• _Work to be completed_: Copy every entry in the listing below exactly, but not the pictures.

Content starts

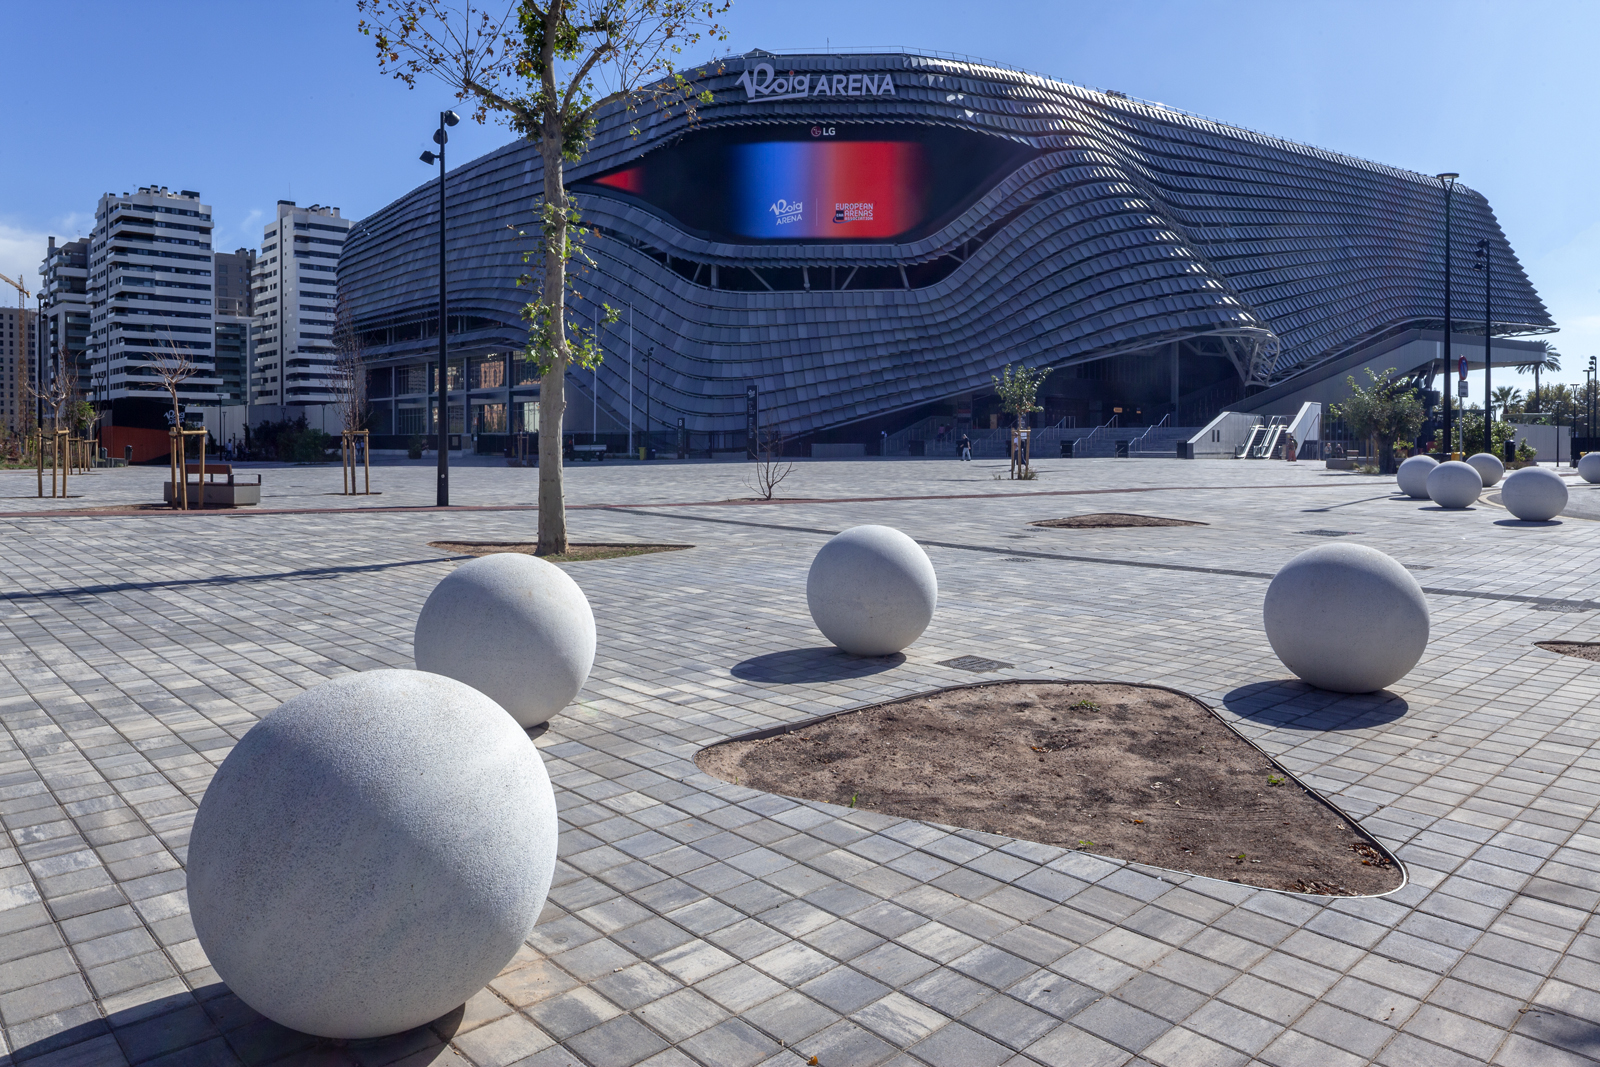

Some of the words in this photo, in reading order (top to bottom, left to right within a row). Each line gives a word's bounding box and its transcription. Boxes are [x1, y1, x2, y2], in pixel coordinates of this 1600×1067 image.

[735, 63, 811, 103] Roig
[813, 74, 896, 96] ARENA
[823, 127, 836, 136] LG
[769, 199, 803, 217] Roig
[776, 214, 803, 226] ARENA
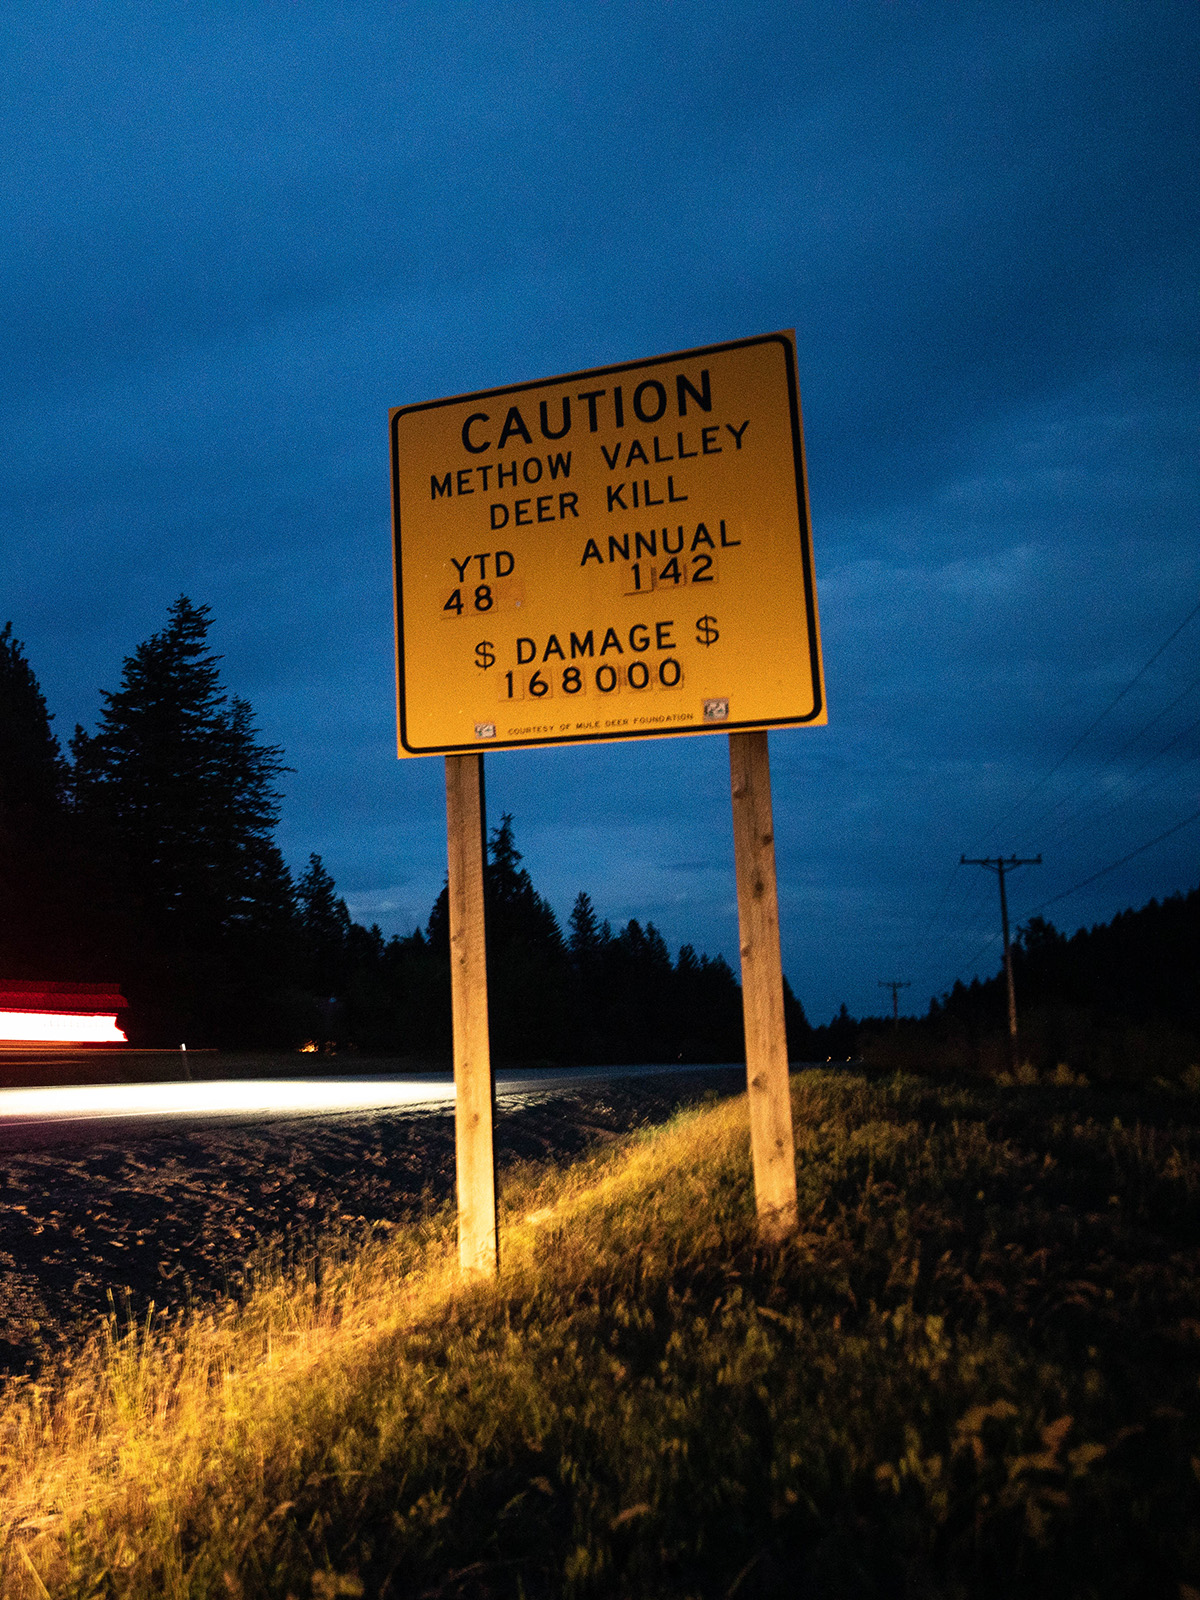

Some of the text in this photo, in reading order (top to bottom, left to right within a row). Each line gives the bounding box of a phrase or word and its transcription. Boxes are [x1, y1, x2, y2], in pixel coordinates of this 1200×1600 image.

[461, 370, 713, 454] CAUTION
[430, 420, 750, 500] METHOW VALLEY
[490, 476, 688, 530] DEER KILL
[580, 519, 742, 566] ANNUAL
[451, 550, 515, 582] YTD
[631, 554, 714, 591] 142
[443, 585, 494, 615] 48
[474, 615, 720, 671] $ DAMAGE $
[505, 658, 682, 698] 168000
[508, 712, 694, 735] COURTESY OF MULE DEER FOUNDATION
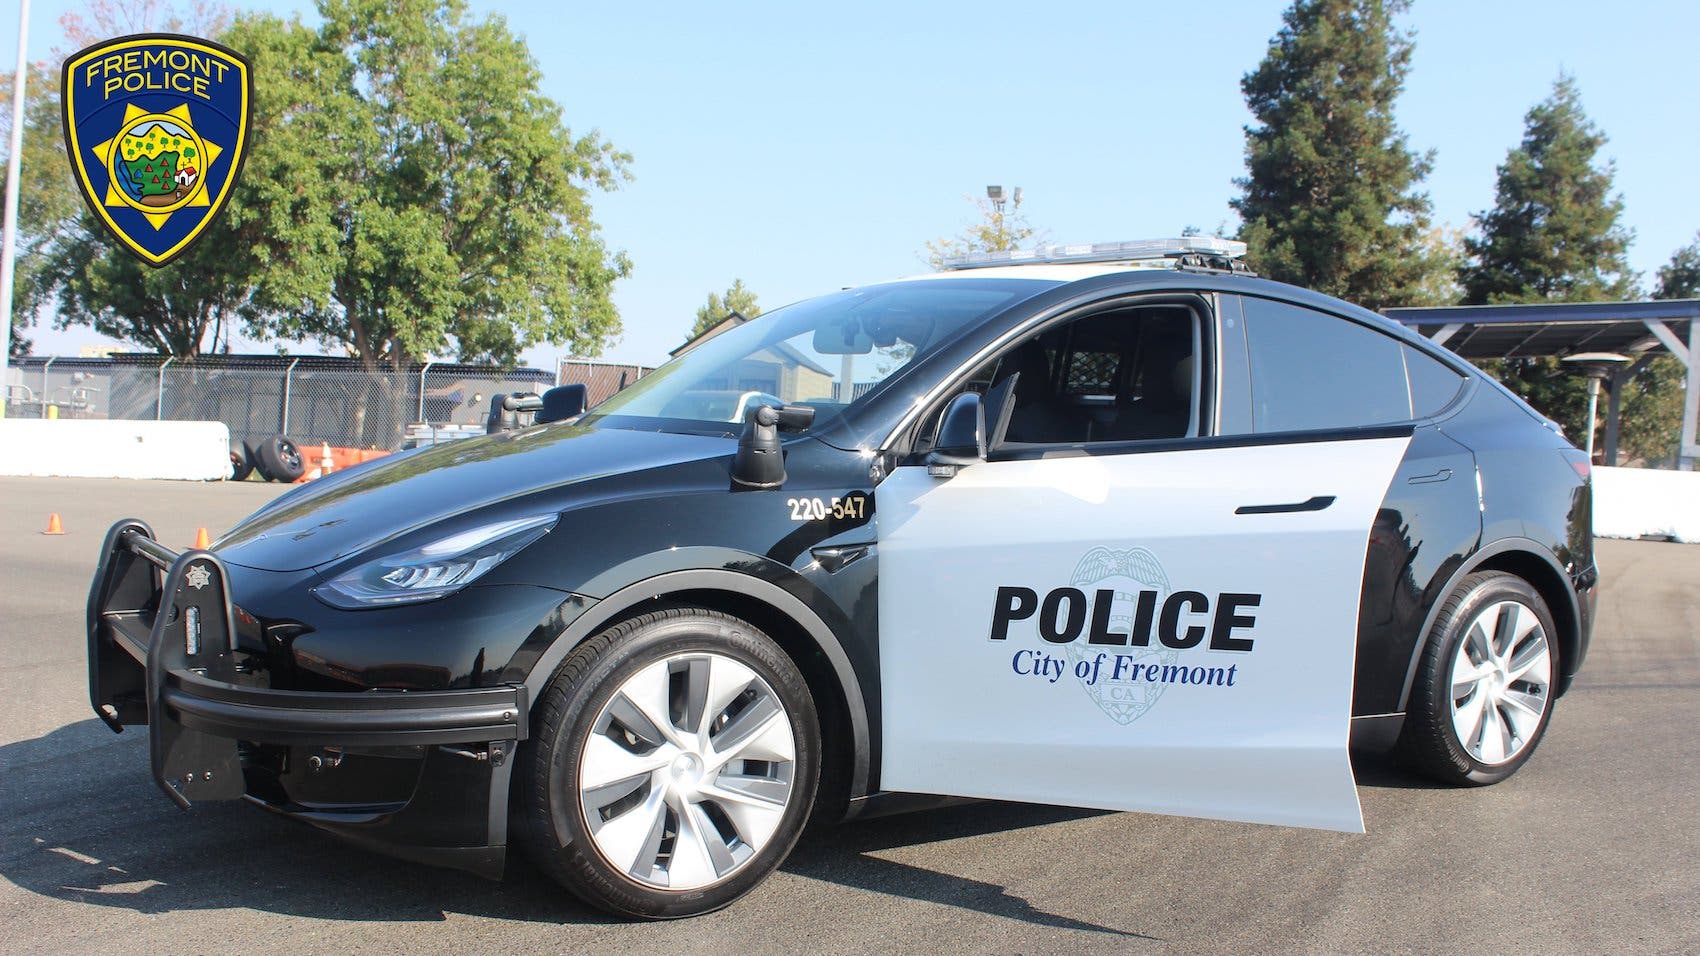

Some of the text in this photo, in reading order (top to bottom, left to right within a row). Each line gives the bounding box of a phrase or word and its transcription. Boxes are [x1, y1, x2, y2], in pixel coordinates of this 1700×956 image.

Content ends

• _Solved exercise_:
Some of the words in this photo, in reading order (top to bottom, left to right within a row). Each line gives a word's bounding box and its transcription. Boxes are [x1, y1, x2, y2], in pixel coordinates of this 1600×1067 image.

[735, 63, 811, 103] Roig
[813, 74, 896, 96] ARENA
[823, 127, 836, 136] LG
[769, 199, 803, 217] Roig
[776, 214, 803, 226] ARENA

Some of the text in this photo, in reading order (top to bottom, left to right within a row). Each line gives the bounding box of a phrase or word and its transcription. Boxes are [x1, y1, x2, y2], in pixel coordinates of this 1200×1600 image.

[461, 370, 713, 454] CAUTION
[430, 420, 750, 500] METHOW VALLEY
[490, 476, 688, 530] DEER KILL
[580, 519, 742, 566] ANNUAL
[451, 550, 515, 582] YTD
[631, 554, 714, 591] 142
[443, 585, 494, 615] 48
[474, 615, 720, 671] $ DAMAGE $
[505, 658, 682, 698] 168000
[508, 712, 694, 735] COURTESY OF MULE DEER FOUNDATION

Some of the text in this photo, in reading order (top to bottom, left to right within a row). Each line gives the bounding box of a phrase or word and its transcription. Boxes are [x1, y1, x2, y2], in pixel coordinates of this 1700×956 image.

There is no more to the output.